Bipolar ionisation put to the test in Madrid

On an infographic displayed on the pier in Weymouth, it explains how Victorian holidaymakers would have visited the seaside town specifically for the clean air. When people book stays in hotels they expect high levels of cleanliness within the rooms. A room with no odour is a given but increasingly discerning customers will demand high quality air in their rooms. In the Asia-Pacific region, outdoor air is often highly contaminated, for this reason, clean air is viewed as a luxury rather that the human right it should be. The desire to escape the pollution means that it is possible to upgrade your room at check-in to include air purification systems.

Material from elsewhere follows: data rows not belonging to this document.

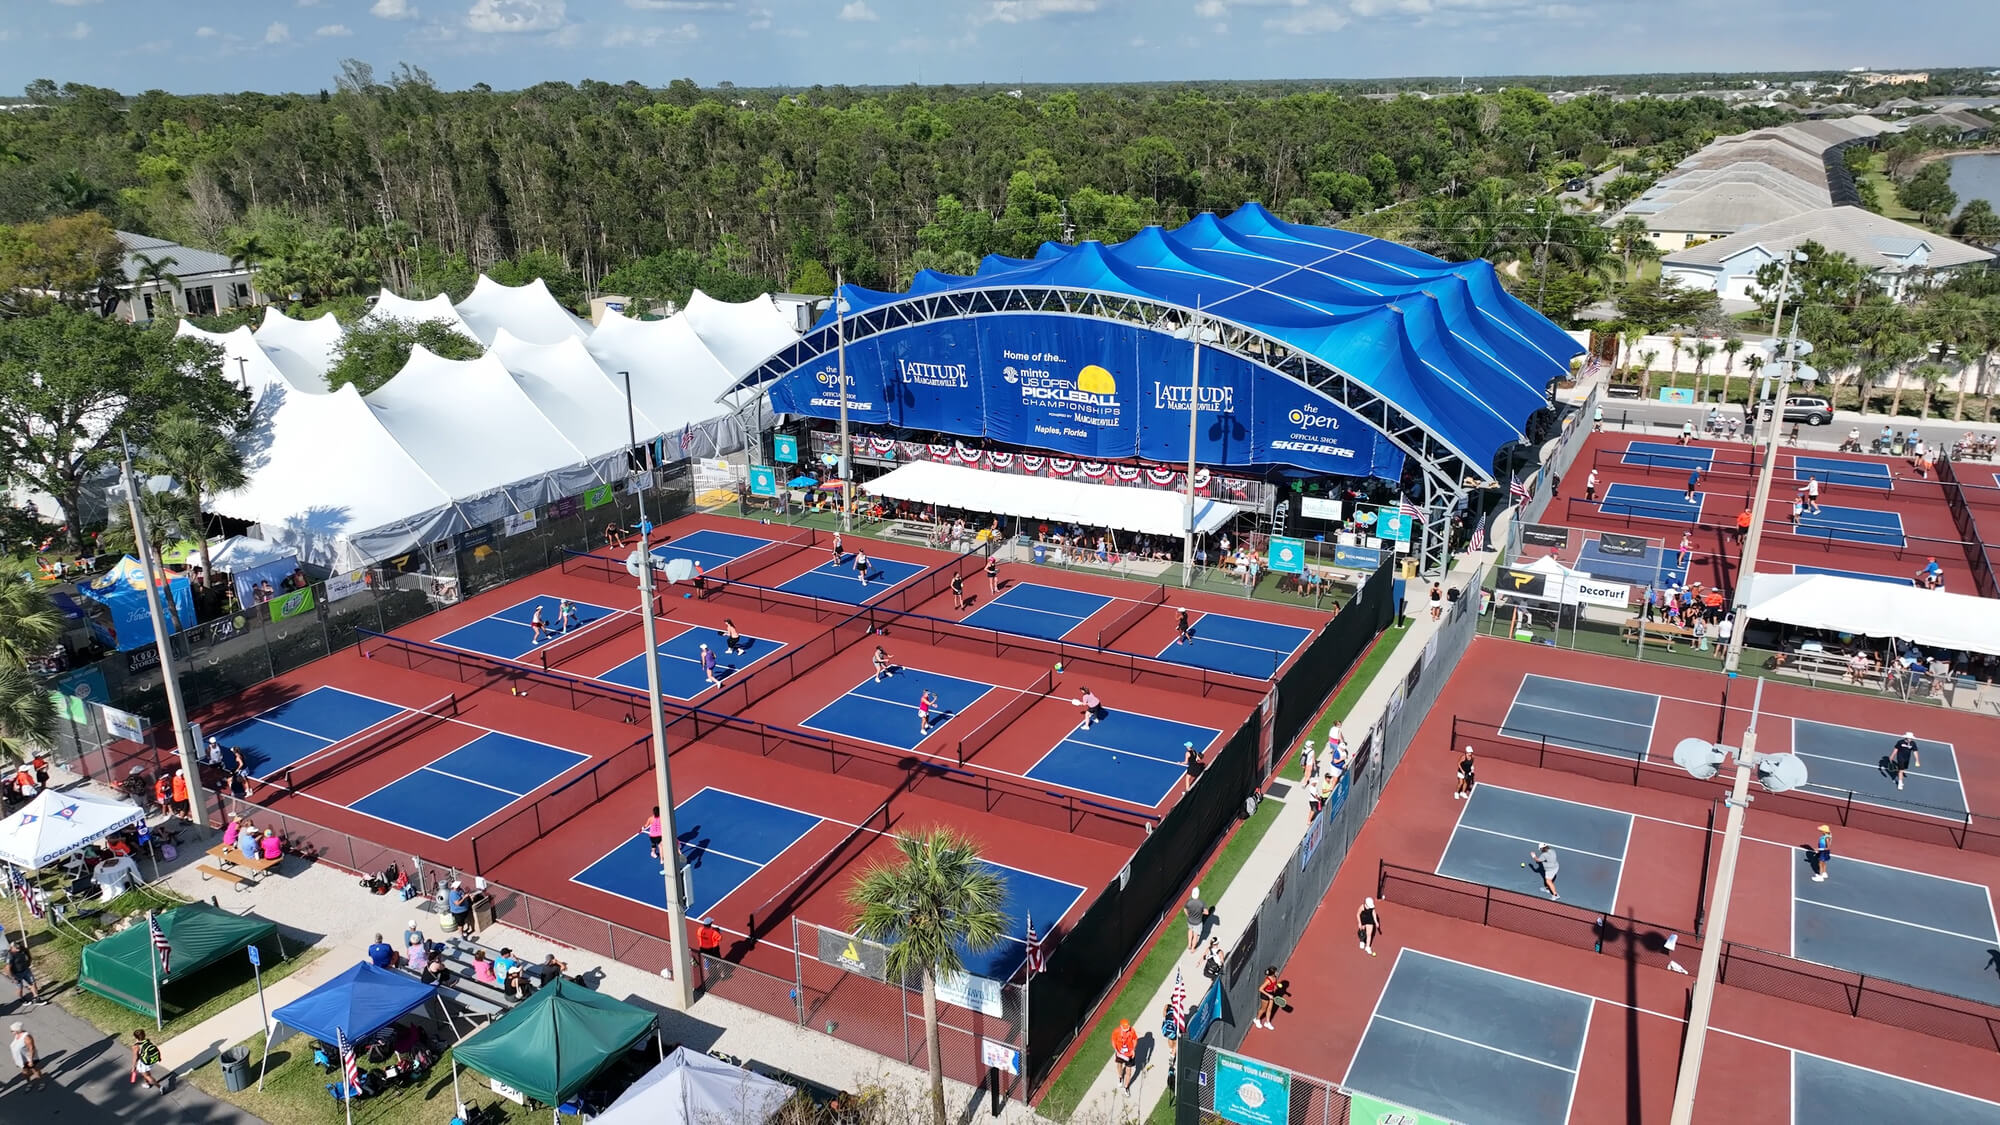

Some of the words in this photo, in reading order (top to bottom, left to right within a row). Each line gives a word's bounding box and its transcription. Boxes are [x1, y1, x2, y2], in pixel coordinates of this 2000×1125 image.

[1003, 350, 1029, 361] Home
[1031, 353, 1042, 362] of
[1044, 353, 1067, 363] the...
[825, 366, 838, 374] the
[898, 359, 968, 388] LATITUDE
[1020, 368, 1050, 379] minto
[1021, 377, 1039, 388] US
[1041, 379, 1077, 390] OPEN
[1021, 387, 1121, 407] PICKLEBALL
[810, 398, 872, 411] SKECERS
[1022, 398, 1121, 416] CHAMPIONSHIPS
[1303, 403, 1318, 413] the
[1288, 409, 1339, 430] Open
[1034, 425, 1062, 436] Naples,
[1063, 428, 1088, 438] Florida
[1290, 432, 1319, 443] OFFICIAL
[1320, 436, 1338, 445] SHOE
[1270, 440, 1355, 458] SKECHERS
[1579, 585, 1625, 599] DecoTurf
[42, 841, 80, 863] OCEAN
[81, 829, 108, 845] REEF
[110, 814, 137, 831] CLUB
[836, 955, 866, 970] JOOLA

Hotel rooms themselves are challenging spaces when it comes to delivering good air quality. No-one has the time to take a 30 minute bath at home or an extra-long shower but when in a hotel, it’s worth treating yourself. The moisture from that, and towels from the gym and spa creating excess humidity means that adequate ventilation and dehumidification is critical. Frequent cleaning and the desire to mask odours means that cleaning products can leave high levels of volatile organic compounds (VOCs) in the rooms. Frequently washed and changed bedding releases large amount of lint into the air. As well as being a respiratory irritant for humans, lint is a challenge for HVAC systems fitted to these spaces, rapidly clogging filters, and decreasing the efficiency of coils.

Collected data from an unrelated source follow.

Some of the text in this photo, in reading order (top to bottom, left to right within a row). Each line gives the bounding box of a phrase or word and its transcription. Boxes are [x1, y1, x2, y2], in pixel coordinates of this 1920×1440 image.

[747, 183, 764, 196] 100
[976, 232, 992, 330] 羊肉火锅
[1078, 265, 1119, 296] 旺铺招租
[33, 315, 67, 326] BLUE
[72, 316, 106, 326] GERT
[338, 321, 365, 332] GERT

Because of the low air change rate inside hotel rooms, a room recently vacated by an infectious COVID-19 sufferer could potentially contain a high level of viral particles in the air and fomite depositions on surfaces, these present a risk to the housekeeping team. Hotels are currently leaving extended amounts of time between guests checking out, and the housekeeping team heading in to clean and make-up the rooms, this reduces the ability for guests to request late checkout. Settling times for infectious droplet nuclei <5µg is likely to exceed the time that a room that is left vacant between guests, so these potentially pose a risk to staff and guests long after an infectious person has left the hotel.

In May 2020, in a hotel room in Madrid, bi-polar ionisation systems were independently tested by INTA, the Spanish National Institute for Aerospace Technology and Tayra, the Spanish Plasma Air Distributor.

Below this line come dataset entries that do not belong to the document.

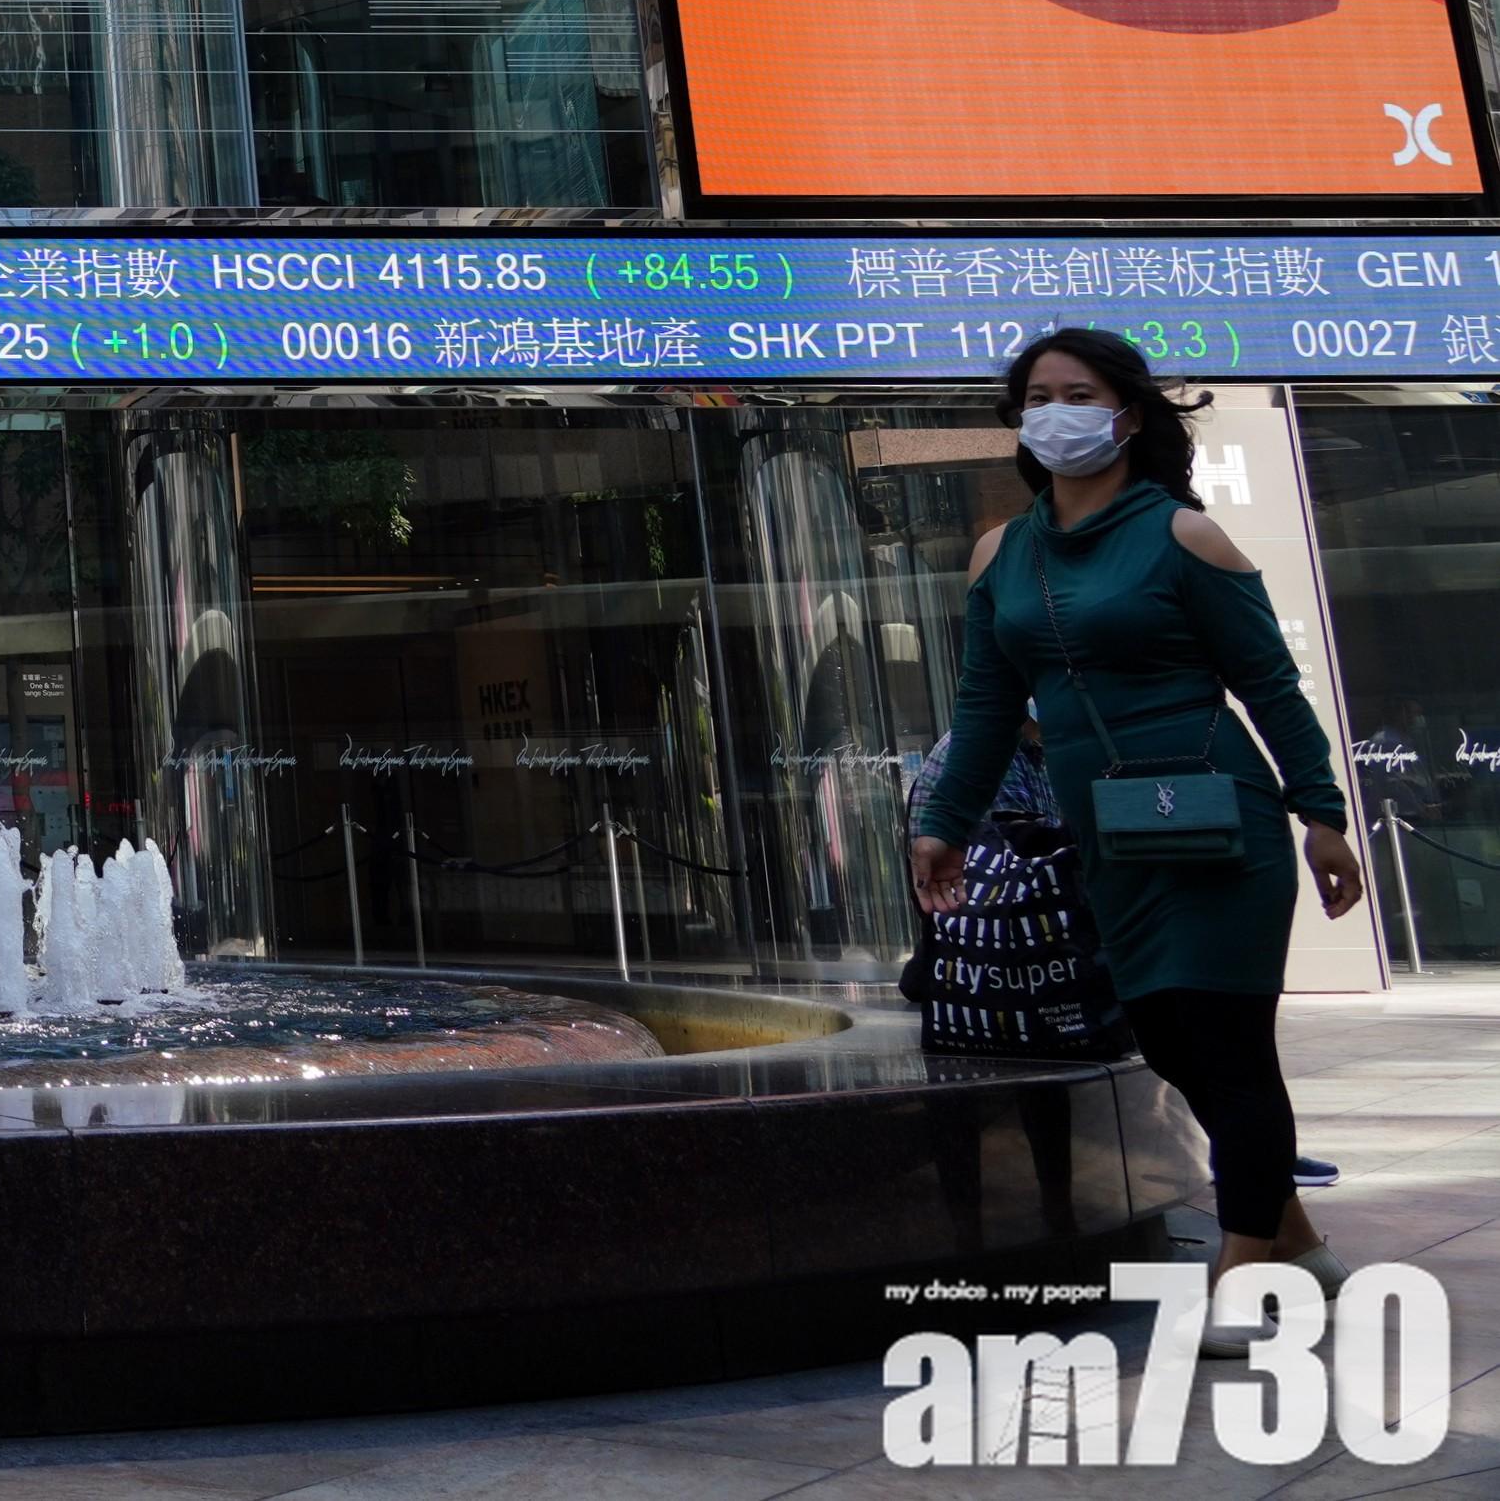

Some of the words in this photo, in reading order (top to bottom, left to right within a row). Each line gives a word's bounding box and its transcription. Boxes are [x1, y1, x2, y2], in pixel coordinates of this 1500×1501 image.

[212, 253, 357, 292] HSCCI
[378, 253, 548, 292] 4115.85
[848, 245, 1333, 299] 標普香港創業板指數
[1357, 251, 1463, 289] GEM
[282, 323, 414, 361] 00016
[434, 317, 706, 370] 新鴻基地產
[728, 323, 823, 361] SHK
[837, 323, 925, 361] PPT
[1292, 320, 1418, 359] 00027
[1441, 314, 1500, 365] 銀
[1044, 1012, 1084, 1026] Shanghai
[1056, 1022, 1086, 1034] Taiwan

A Plasma Air PA600 device was fitted to the outlet of a fan coil serving the hotel room.

A SARS-CoV2 surrogate, MS2 Bacteriophage was aerosolised into the room air via a nebuliser.

Air samples via a solid bio sampler and surface swabs were taken and the analysis of the results was carried out at the laboratories of INTA.

After just 10 minutes, the concentration of bacteriophage in the air captured by the solid bio sampler showed a log two (99%) reduction compared with the control. Surface swab samples taken from surfaces around the room showed an ~80% reduction in bacteriophage counts on surfaces.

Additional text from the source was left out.